The Quest for SAE Papers: A user requested papers on SAE (Sparse AutoEncoder) techniques, particularly those employed by OpenAI and Anthropic for extracting interpretable features.
- Several responses provided links to relevant papers, including one from OpenAI on concept extraction and another from transformer-circuits.pub focusing on scaling monosemanticity.
GPT4o: Architecture & Capabilities: A discussion about the architecture behind GPT4o arose, with speculation that it might be a transformer.
- While GPT4o's architecture remains undisclosed, insiders suggest it's a VLM (Vision-Language Model) with limited cross-domain transfer, implying no revolutionary advancements beyond existing open-source models.

Links mentioned:

Eleuther ▷ #scaling-laws (2 messages):

Scaling Laws

Model Scaling Limits

Scaling Laws Paper: Are There Limits?: A member requested papers that show cases where scaling laws don't work, for any specific property.
- Another member provided a link to a paper titled Are Scaling Laws Failing? by a team of researchers from Google AI, suggesting it may be a relevant resource.
Scaling Laws Don't Work?: A member had a discussion about scaling laws and how they don't always work in practice.
- They shared a few specific cases where the scaling law would not work, such as in situations where there is a lack of data or computational resources.

Link mentioned: Inverse Scaling: When Bigger Isn't Better: Work on scaling laws has found that large language models (LMs) show predictable improvements to overall loss with increased scale (model size, training data, and compute). Here, we present evidence f...

Eleuther ▷ #lm-thunderdome (17 messages🔥):

OpenAI ChatGPT4o and Anthropic external APIs multiple choice eval

llama 3.1 eval

lm-eval library output_type

lm-eval library doc_to_choice

lm-eval library chat_template

Evaluating Multiple Choice with ChatGPT4o/Anthropic: A user asked if anyone had successfully used ChatGPT4o or Anthropic external APIs to evaluate multiple-choice questions, specifically in the context of OpenAI's 'multiple_choice' output_type.
- The discussion explored the possibility of using the 'generate_until' output_type with OpenAI and Anthropic, as they do not provide loglikelihoods for 'multiple_choice'.
Llama 3.1 Evaluation: A user mentioned the Meta-Llama 3.1 evals dataset as a reference point for multiple-choice evaluations, specifically highlighting the adapted 'mmlu' and 'arc_challenge' tasks.
lm-eval Library's 'output_type' Setting: A user questioned if changing the 'output_type' in their YAML configuration file to 'generate_until' would be a viable solution for OpenAI and Anthropic, considering their lack of loglikelihoods for 'multiple_choice'.
- The user proposed incorporating their choice responses within the 'doc_to_text' portion of their YAML configuration, mirroring the approach taken in the Llama 3.1 evals.
lm-eval Library's 'chat_template' Setting: A user inquired about the use of the 'chat_template' parameter in the lm-eval library, specifically when working with instruct models and attempting to evaluate multiple-choice tasks.
- It was suggested that setting 'chat_template=None' could resolve potential issues encountered with the default 'chat_template' setting.
lm-eval Library's Default Temperature Setting: The discussion delved into the default temperature setting within the lm-eval library for OpenAI models, with the consensus being that it is typically set to 0.
- This practice aligns with the common convention of using temperature 0 for most tasks within the lm-eval framework, often explicitly set in YAML configurations for certain benchmarks.

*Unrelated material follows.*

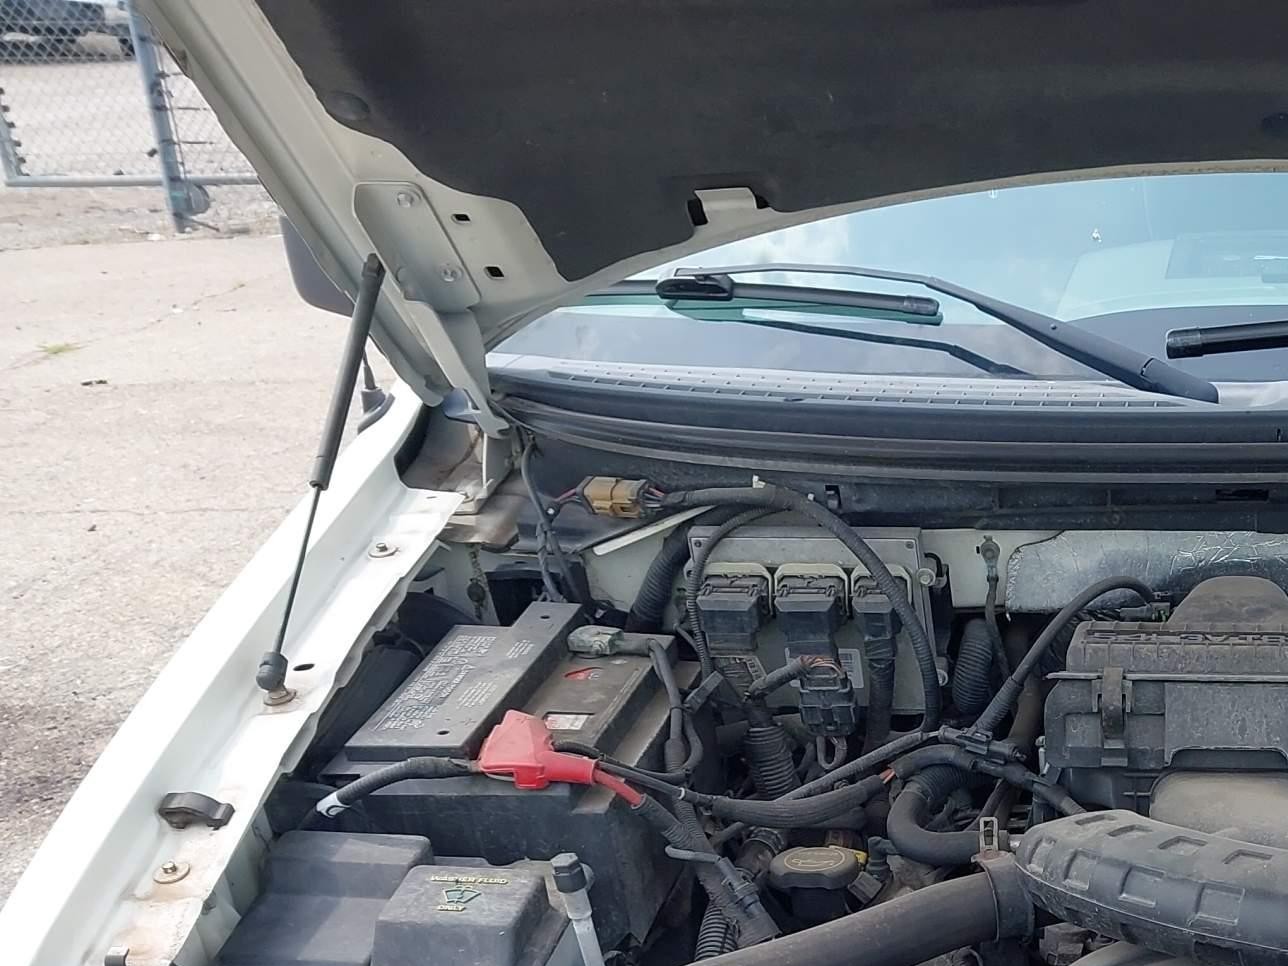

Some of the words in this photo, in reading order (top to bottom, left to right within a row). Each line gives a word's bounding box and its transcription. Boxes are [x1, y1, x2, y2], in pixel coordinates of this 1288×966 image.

[430, 875, 476, 884] WASHER
[477, 876, 509, 885] FLUID
[436, 904, 467, 912] ONLY
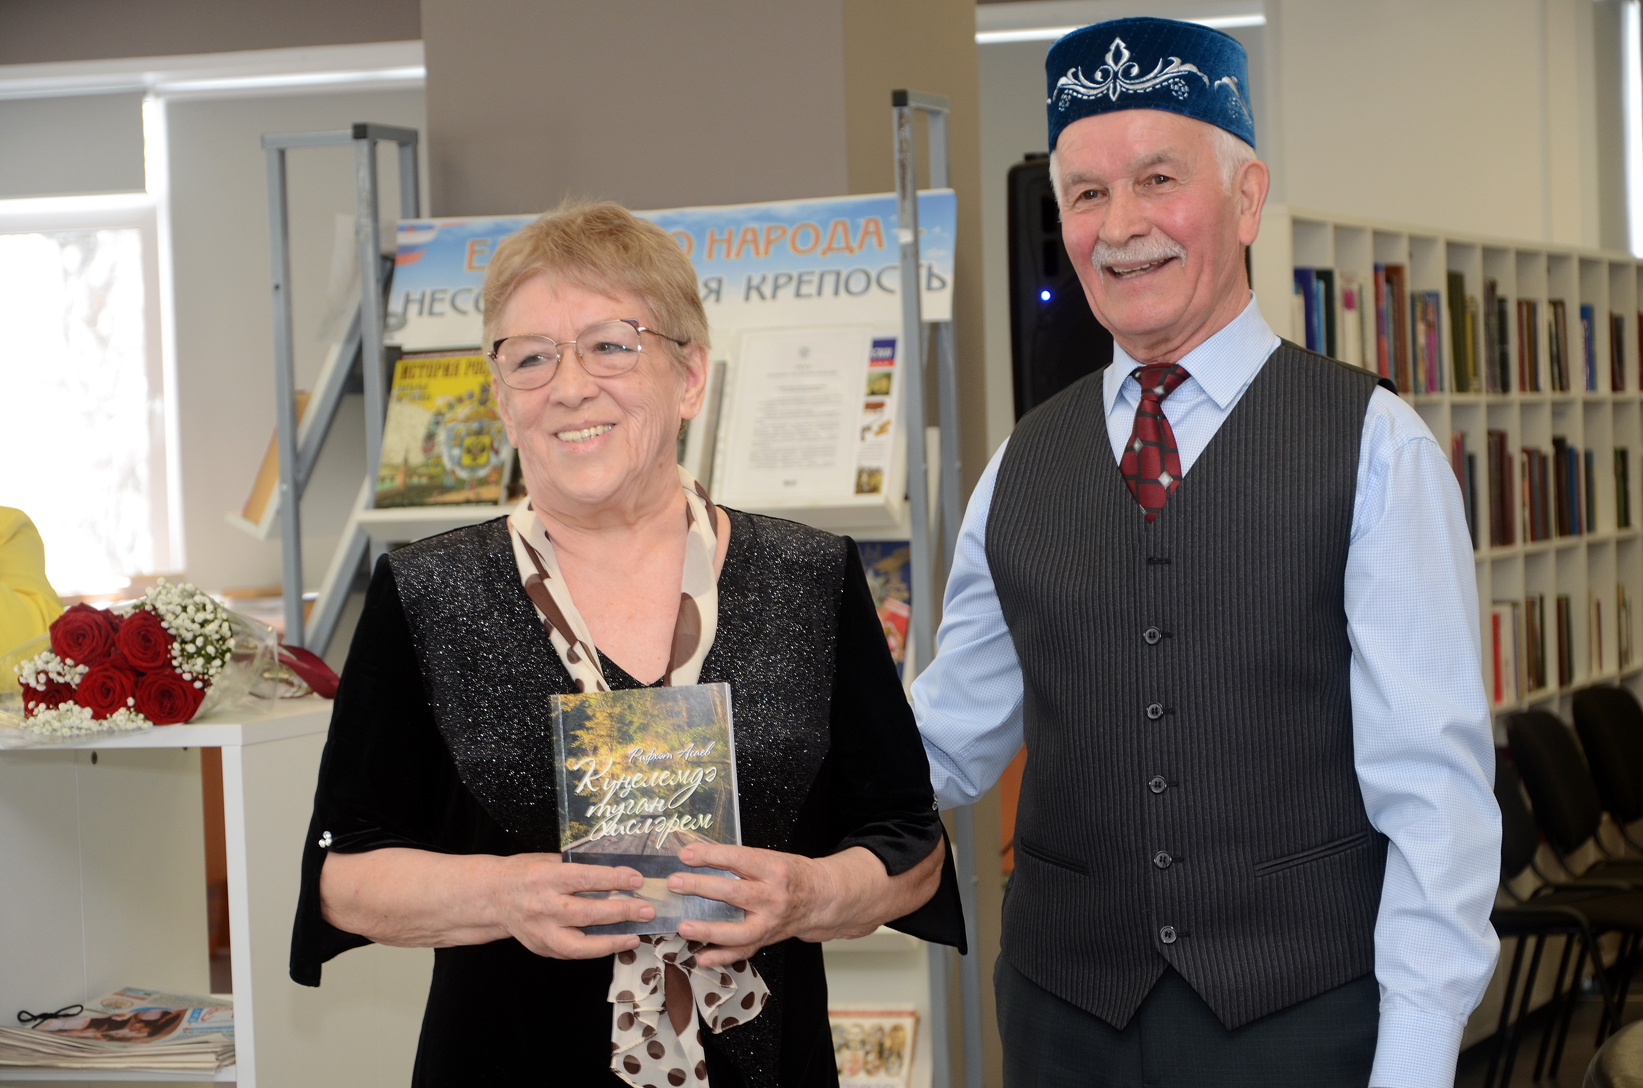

Link mentioned: lm-evaluation-harness/lm_eval/evaluator.py at aab42ba836b4af28cc1c5c1e697ea334c6ea7ced · EleutherAI/lm-evaluation-harness: A framework for few-shot evaluation of language models. - EleutherAI/lm-evaluation-harness

Eleuther ▷ #gpt-neox-dev (3 messages):

GPU Utilization Measurement

NVIDIA-SMI Overreporting

DCGM-Exporter

PyNVML

TFLOPs and HFU/MFU Logging

Nvidia-SMI Overreports GPU Utilization: A member inquired about the best tool to measure GPU utilization during training runs, noting that NVIDIA-SMI often overreports utilization.
- They mentioned using NVIDIA-SMI power util as a simple and stupid option, but only if you trust the cooling system.
Accurate GPU Utilization with TFLOPs and HFU/MFU Logging: A member recommended logging TFLOPs or HFU/MFU every iteration to WandB or the console as a more accurate approach.
- They explained this involves adding the calculation to the logger and accurately determining the model's FLOPs per iteration, with a link to the EleutherAI cookbook for guidance.
PyTorch Profiler for GPU Utilization: The PyTorch Profiler provides accurate GPU utilization and indicates tensor core occupancy.
- However, it introduces overhead, so the member suggested profiling only around 10 iterations at the beginning of each major run, hoping they are representative of the overall performance.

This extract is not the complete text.